Task instructions:
The finished copy must match the records exactly, except that it contains no pictures.

** Information given follows **

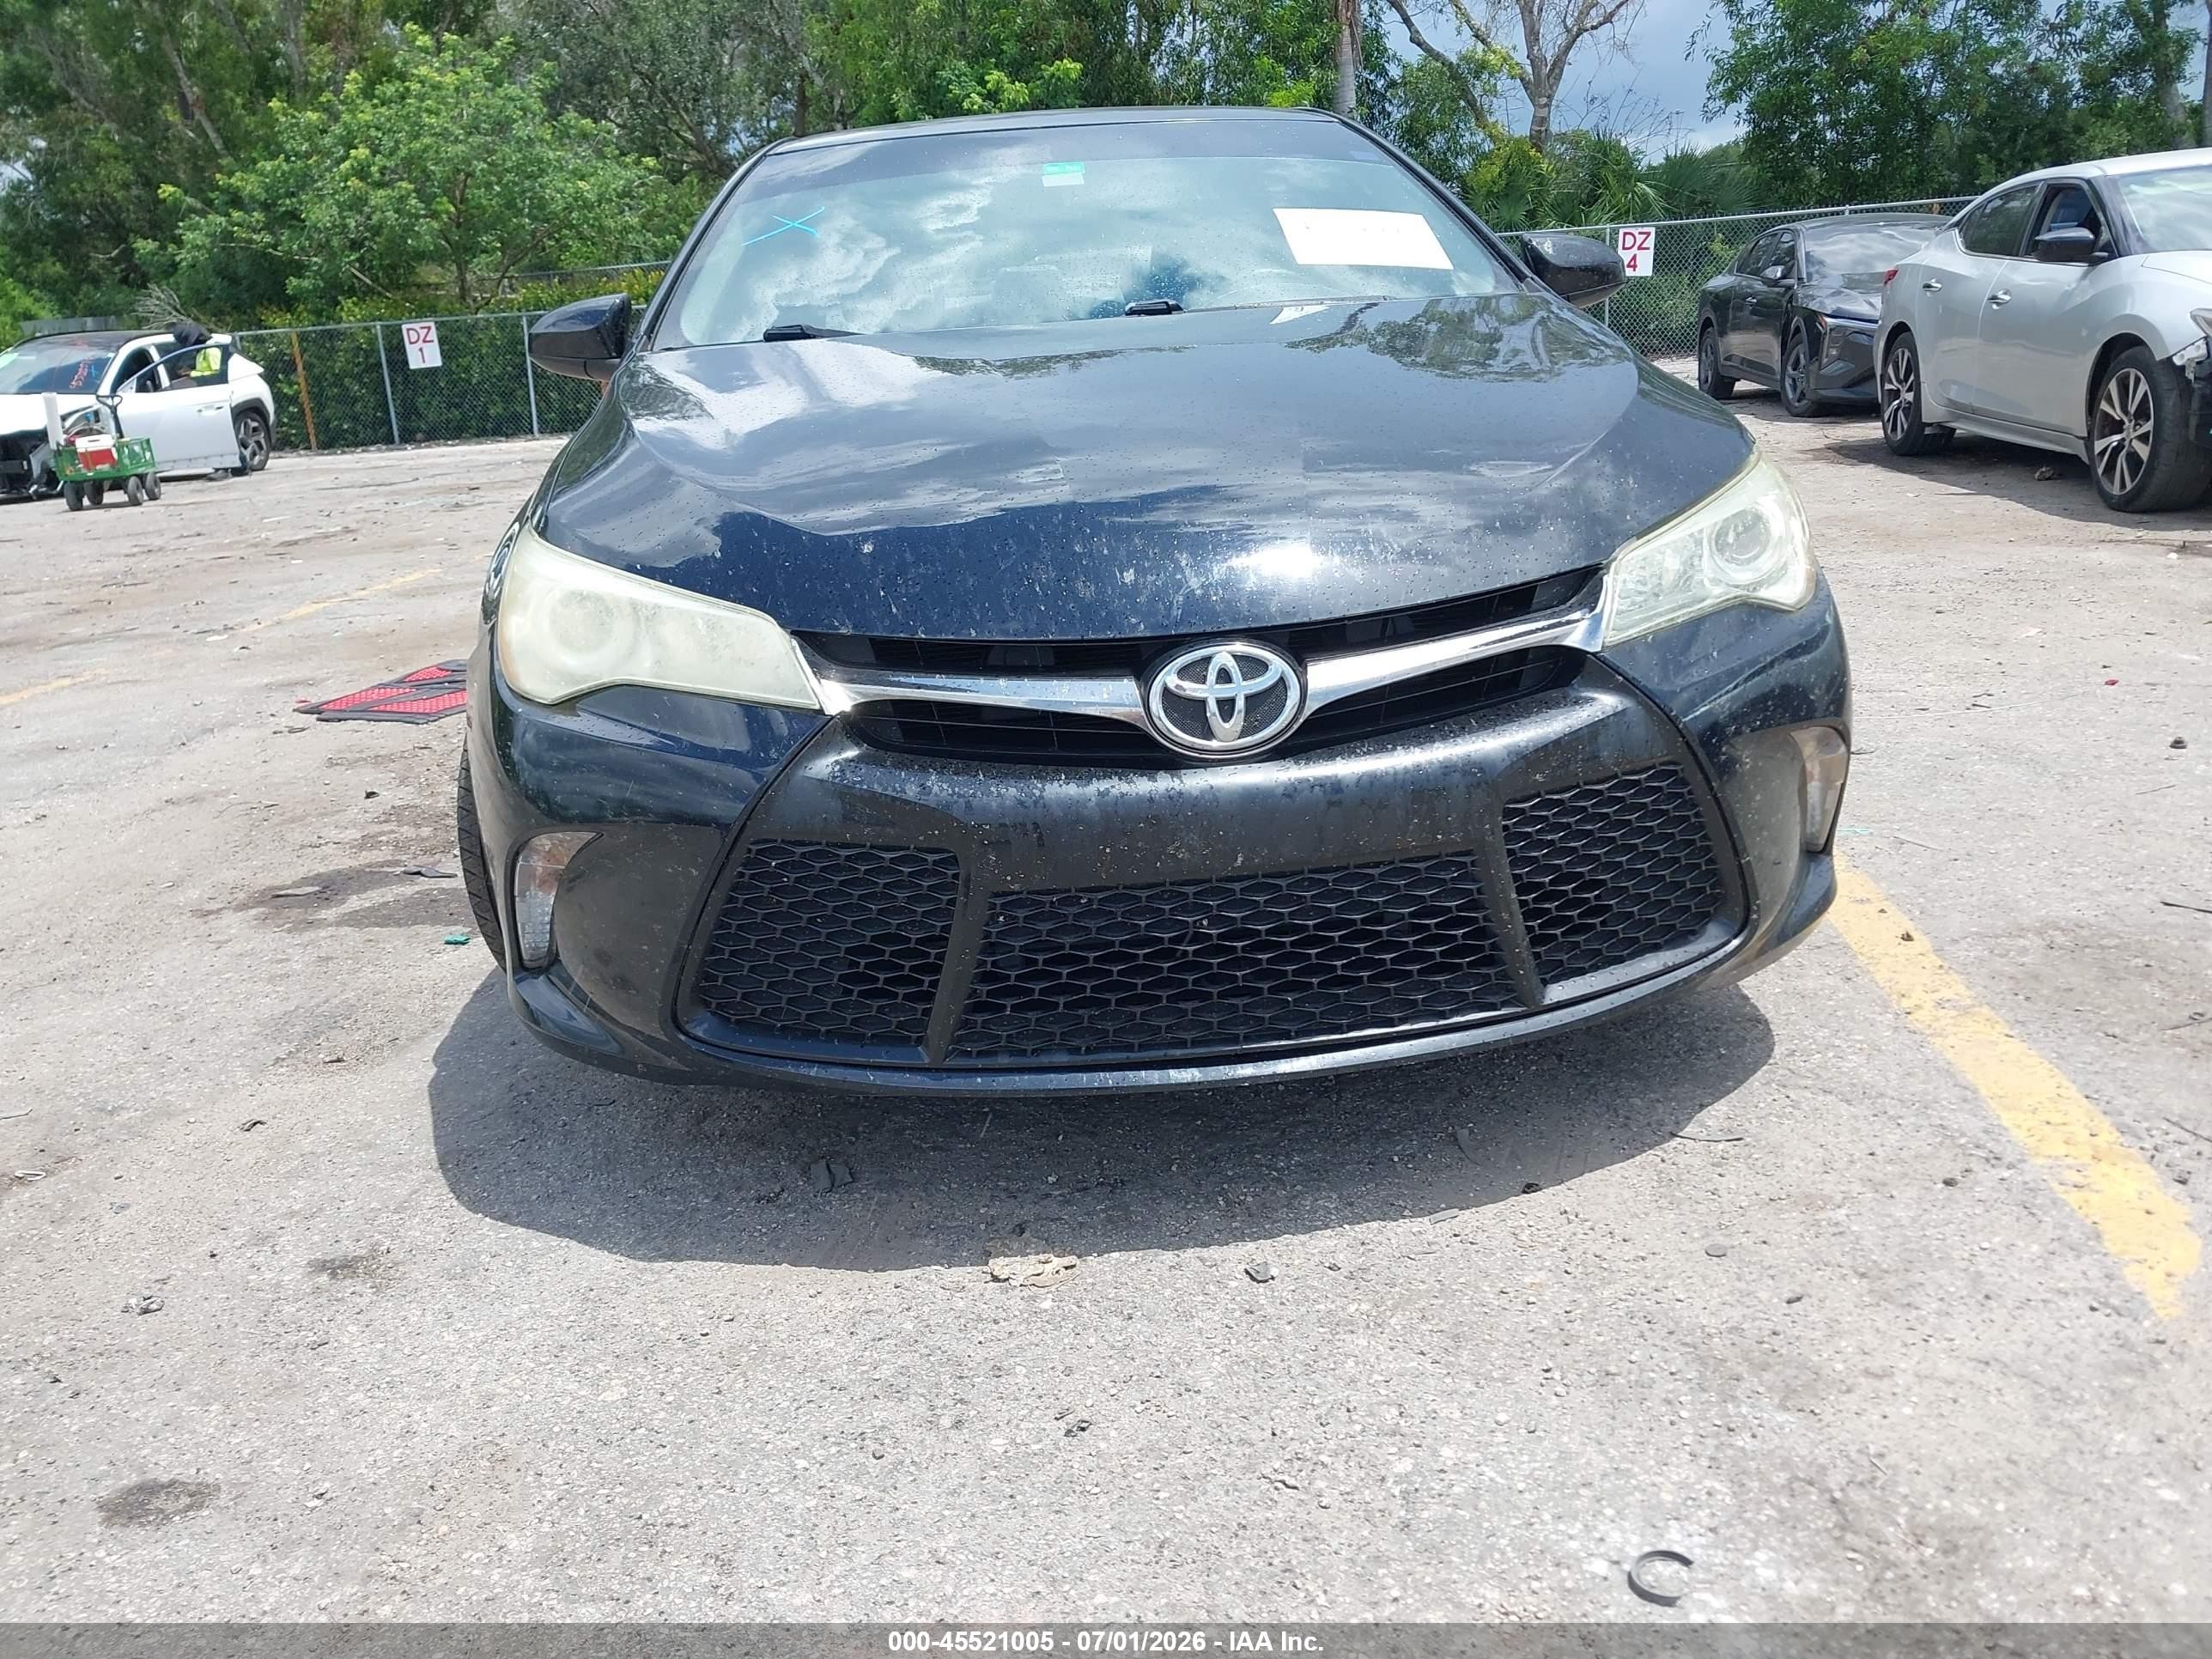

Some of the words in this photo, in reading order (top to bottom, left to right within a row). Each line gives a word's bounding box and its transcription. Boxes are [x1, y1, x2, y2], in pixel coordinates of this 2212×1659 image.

[1622, 231, 1651, 251] DZ
[1626, 253, 1638, 272] 4
[406, 326, 434, 344] DZ
[418, 347, 426, 364] 1

** End of Information given **

Written response:
Some of the words in this photo, in reading order (top to bottom, left to right within a row). Each line gives a word's bounding box and its transcription. Boxes are [x1, y1, x2, y2], in pixel coordinates of this 2212×1659 image.

[1622, 231, 1651, 251] DZ
[1626, 253, 1638, 272] 4
[406, 326, 434, 344] DZ
[418, 347, 426, 364] 1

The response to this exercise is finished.